Diaz showed up last weekend at the home of a Sanders campaign activist to volunteer for canvassing duties, knocking on doors in his north Miami district.

“I’m here to talk to people and spread the word,” he said, dressed in a black t-shirt and baseball cap and equipped with a clipboard and special canvassing phone app to direct him to the homes of potential Sanders voters.

“We’re digital now. We’re getting more sophisticated and support for Bernie is growing,” he said, adding that he was “super optimistic,” about the prospects for victory despite what he reads in the media and sees on TV. “I feel the mainstream media is never going to be fair to Bernie,” he said. “The corporate narratives they push are not the narratives I see when I knock on doors,” he added.

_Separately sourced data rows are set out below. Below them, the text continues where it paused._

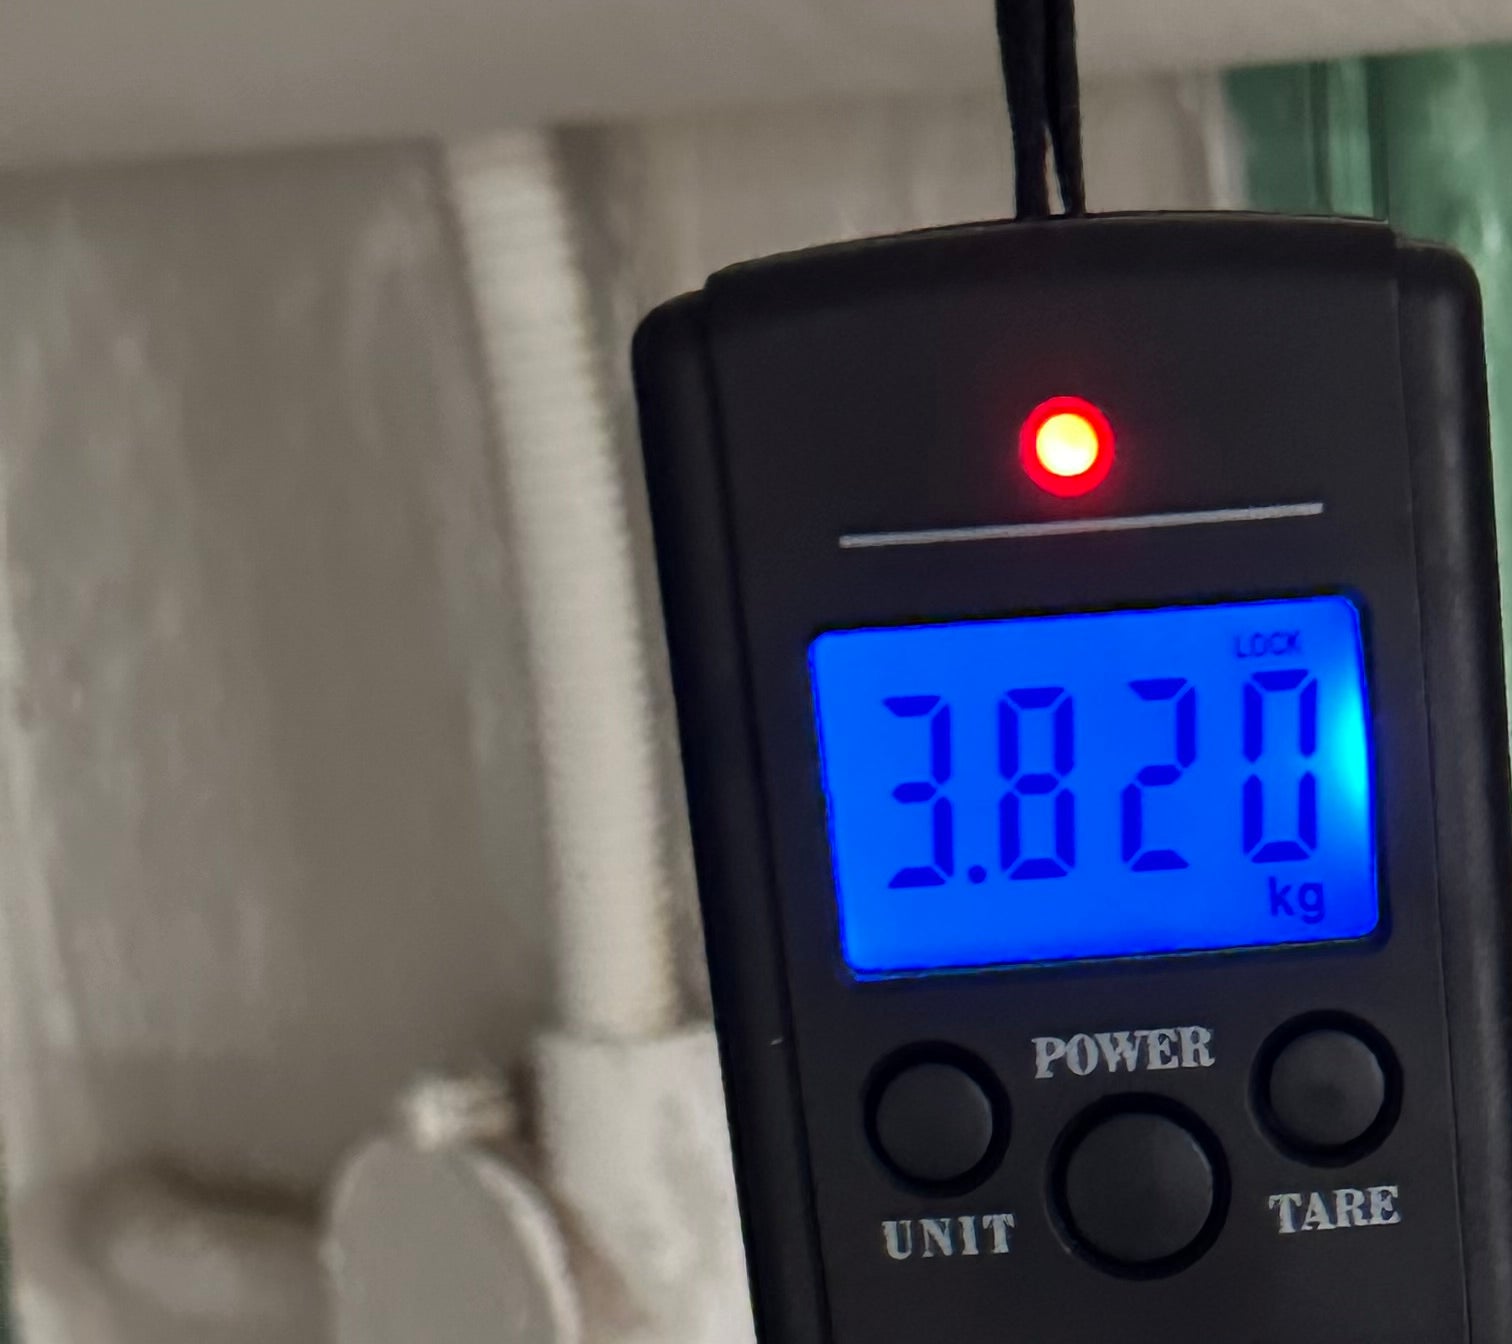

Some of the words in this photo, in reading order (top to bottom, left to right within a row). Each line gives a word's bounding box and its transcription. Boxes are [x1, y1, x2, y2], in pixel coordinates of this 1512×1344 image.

[882, 669, 1317, 889] 3.820
[1268, 876, 1326, 924] kg
[1032, 1025, 1216, 1079] POWER
[1268, 1185, 1402, 1235] TARE
[881, 1213, 1016, 1261] UNIT

The Sanders campaign for the Democratic primary is heading into what could be a decisive battle on Tuesday, the third successive week of voting in multiple states.
Don’t call it Custer’s Last Stand, as that legendary battle didn’t turn out too well for the U.S. 7 th Cavalry regiment facing overwhelming odds in 1876.

Trailing in polls

But there’s no escaping the dire reality. Trailing badly in the delegate count, Sanders needs a massive victory on Tuesday when four key states are up for grabs: Arizona, Ohio, Illinois, and the biggest prize of all Florida’s 248 delegates.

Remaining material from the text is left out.